Please don't feed the yahoos

To the barricades, little comrades. Time for journalism to get off its arse and start playing a useful role in the so-called "culture wars." And the best way for it to start is -- surprise! -- applying basic principles of Real Journalism, thus starving the arsonist yahoos of the Oxygen of Publicity (thank you, Dame Magon) and keeping the number of false alarms down to a dull roar.

The cause for this week's peroration is the annual journalistic rush to give aid and comfort to the inventors of the War On Christmas, as demonstrated by papers that ought to know better and the usual cockroaches that, well, can't be bothered. The direct inspiration is a specific paper that once again compounds cluelessness with pseudo-poll logical fallacies in an apparent effort to endear itself to certain disgruntled parts of its readership.

War? On Christmas? Bah, humbug. As the Official HEADSUP-L Mom used to put it, there ain't no such animal. Christmas is doing fine, thanks. Indeed, considering that the poor thing works overtime from October through January, it's holding up remarkably well. All it needs is a little help from copy editors so it isn't kicked around in its off hours.
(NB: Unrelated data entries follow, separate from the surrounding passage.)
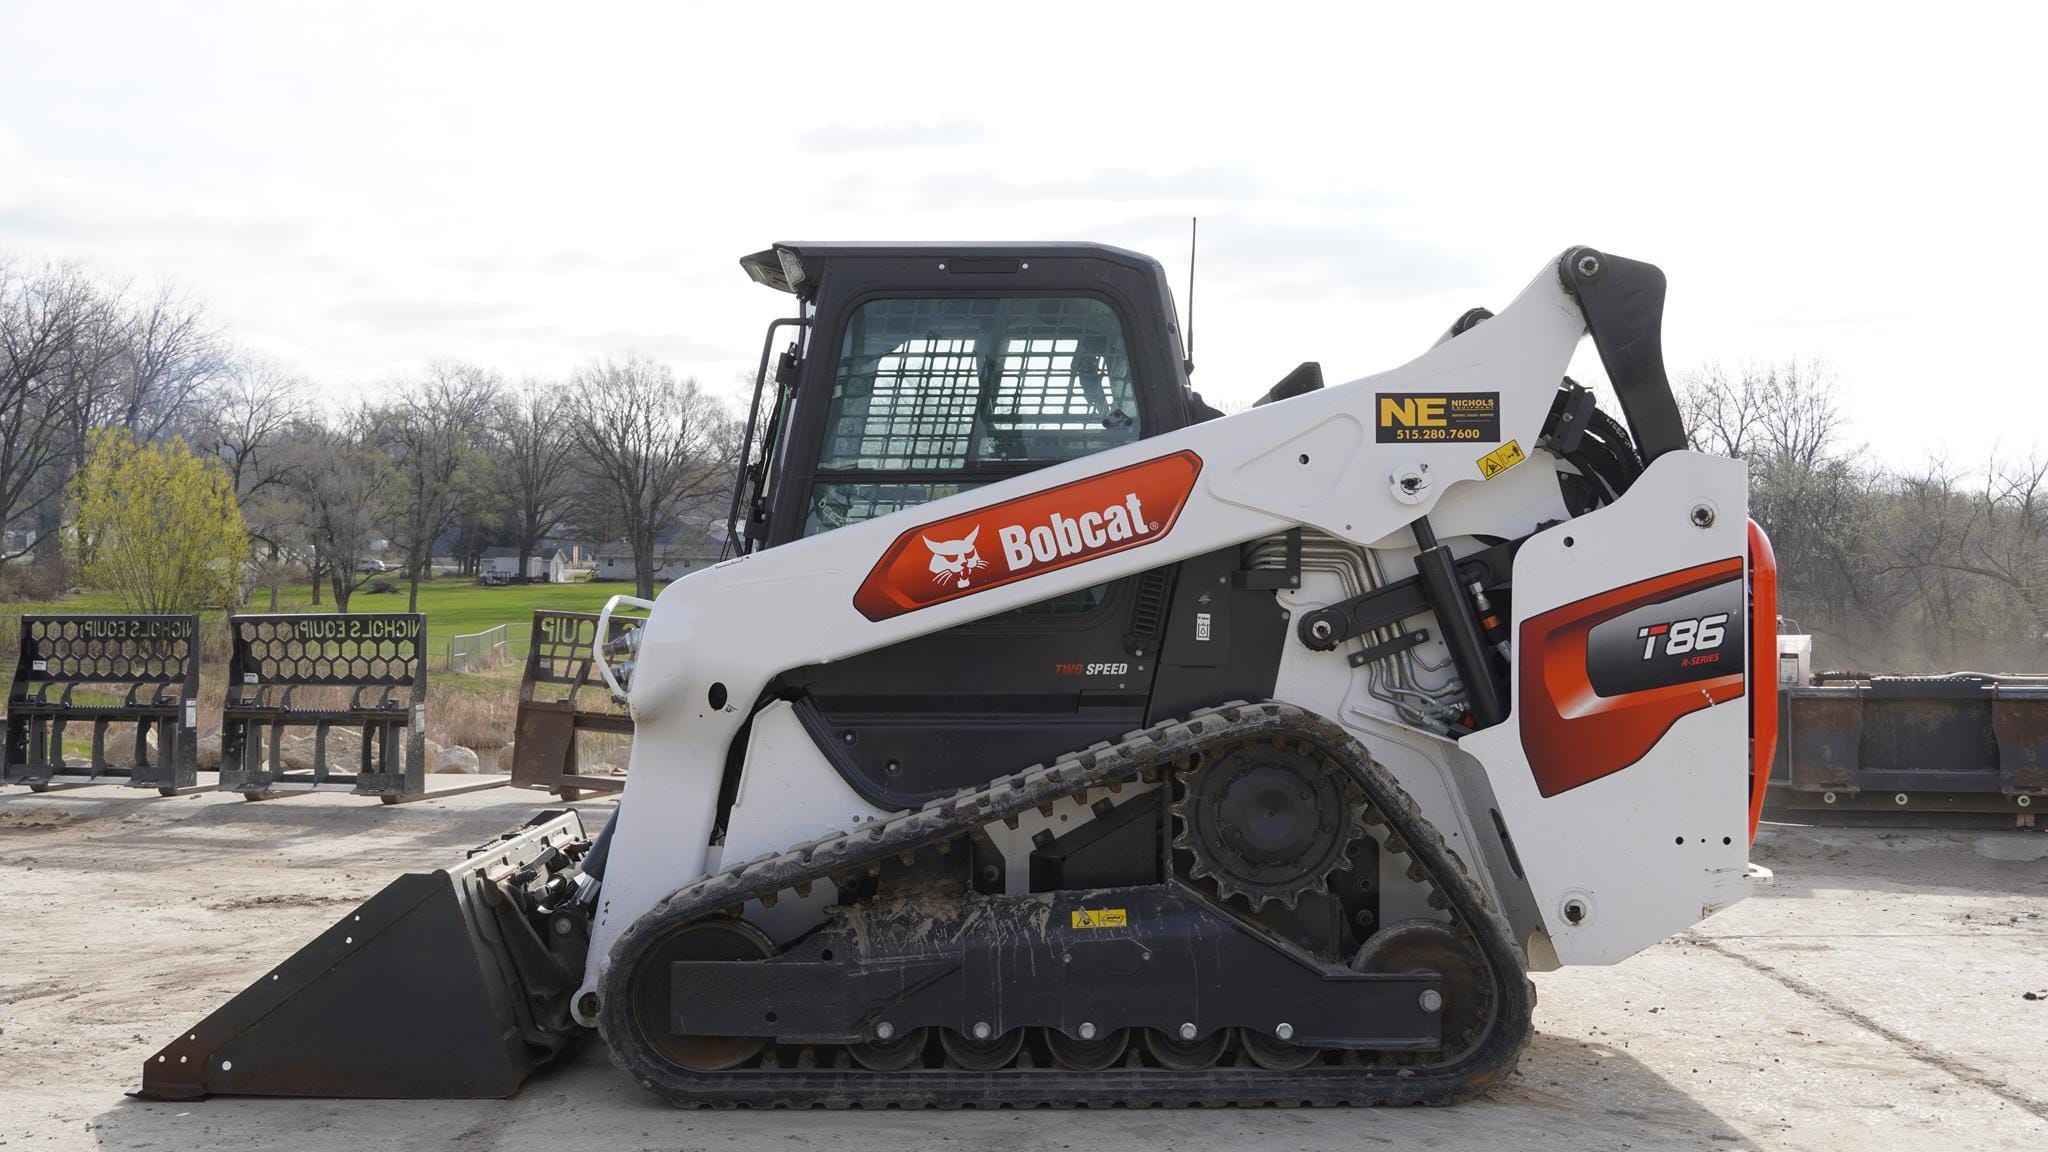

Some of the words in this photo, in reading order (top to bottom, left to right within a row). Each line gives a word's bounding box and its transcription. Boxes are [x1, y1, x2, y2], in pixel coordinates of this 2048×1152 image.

[1451, 399, 1494, 407] NICHOLS
[1381, 398, 1447, 427] NE
[1396, 429, 1480, 440] 515.280.7600
[999, 493, 1149, 571] Bobcat
[1639, 613, 1729, 660] T86
[1681, 653, 1720, 667] R-SERIES
[1055, 663, 1084, 675] TWO
[1086, 663, 1128, 675] SPEED
That means we're going to start with a basic, normative, non-objective prescription. Time to get off the sidelines the way we did with, oh, seatbelts. Ever see a traffic accident story anymore that doesn't mention whether the guests of honor were wearing their seatbelts? Exactly. And it's among a number of factors that appear to have done some good, seatbeltly. Imagine if we'd gotten to the point about tobacco a bit sooner.

Thus it is mandated that any story that includes a graf along these lines:

The debate is rooted in the 1950s, when ministers and others launched "Put Christ Back in Christmas" campaigns after the abbreviation Xmas became widely used by an increasingly secular society.
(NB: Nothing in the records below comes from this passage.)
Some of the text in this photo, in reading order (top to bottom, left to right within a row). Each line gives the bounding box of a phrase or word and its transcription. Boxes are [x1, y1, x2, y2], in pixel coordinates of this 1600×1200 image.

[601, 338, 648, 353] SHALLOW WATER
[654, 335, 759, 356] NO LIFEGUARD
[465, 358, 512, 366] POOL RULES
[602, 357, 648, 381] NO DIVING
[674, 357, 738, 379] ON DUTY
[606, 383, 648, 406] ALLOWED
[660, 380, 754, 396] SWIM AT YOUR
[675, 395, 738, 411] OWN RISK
must henceforth contain a graf nearby to this effect:

"The X in 'Xmas' stands for the first Greek character in 'Christ.' The Christian use of abbreviations like 'Xtian' (for 'Christian') and 'Xmas' ('Christmas') dates to at least the 12th century."

I'm suggesting we solve this by direct action because I'm getting tired of saying it year after year. "Xmas" is not a secular plot. It doesn't take Christ out of anything. It leaves him right where he always was (assuming he doesn't mind when his friends call him "X," even though it probably sounds like they're clearing their throats). If we say it often enough, maybe the general level of mouth-foaming out there will calm down a little and we can get back to shopping and drinking.

Now for the other inexcusables:

Whose season 'tis it?
Many bristle over renaming traditions

Unclean! 'Tis is short for it is; did you really mean "Whose season it is it?" You might get away with "'Tis whose season," but this one's a failure (before you ask: Yes, I can take a joke, but I prefer ones that work).

Why has Christ been taken out of Christmas?
Respect for other religions
Political correctness
Who cares, just give me my present

Remember our old friend the fallacy of many questions? Well, good. Just as "Have you stopped smoking crack before writing ledes?" assumes the truth of the underlying question, this hed assumes that Christ has been taken out of Christmas. If that's your view, fine, but you probably should save it for the editorial page.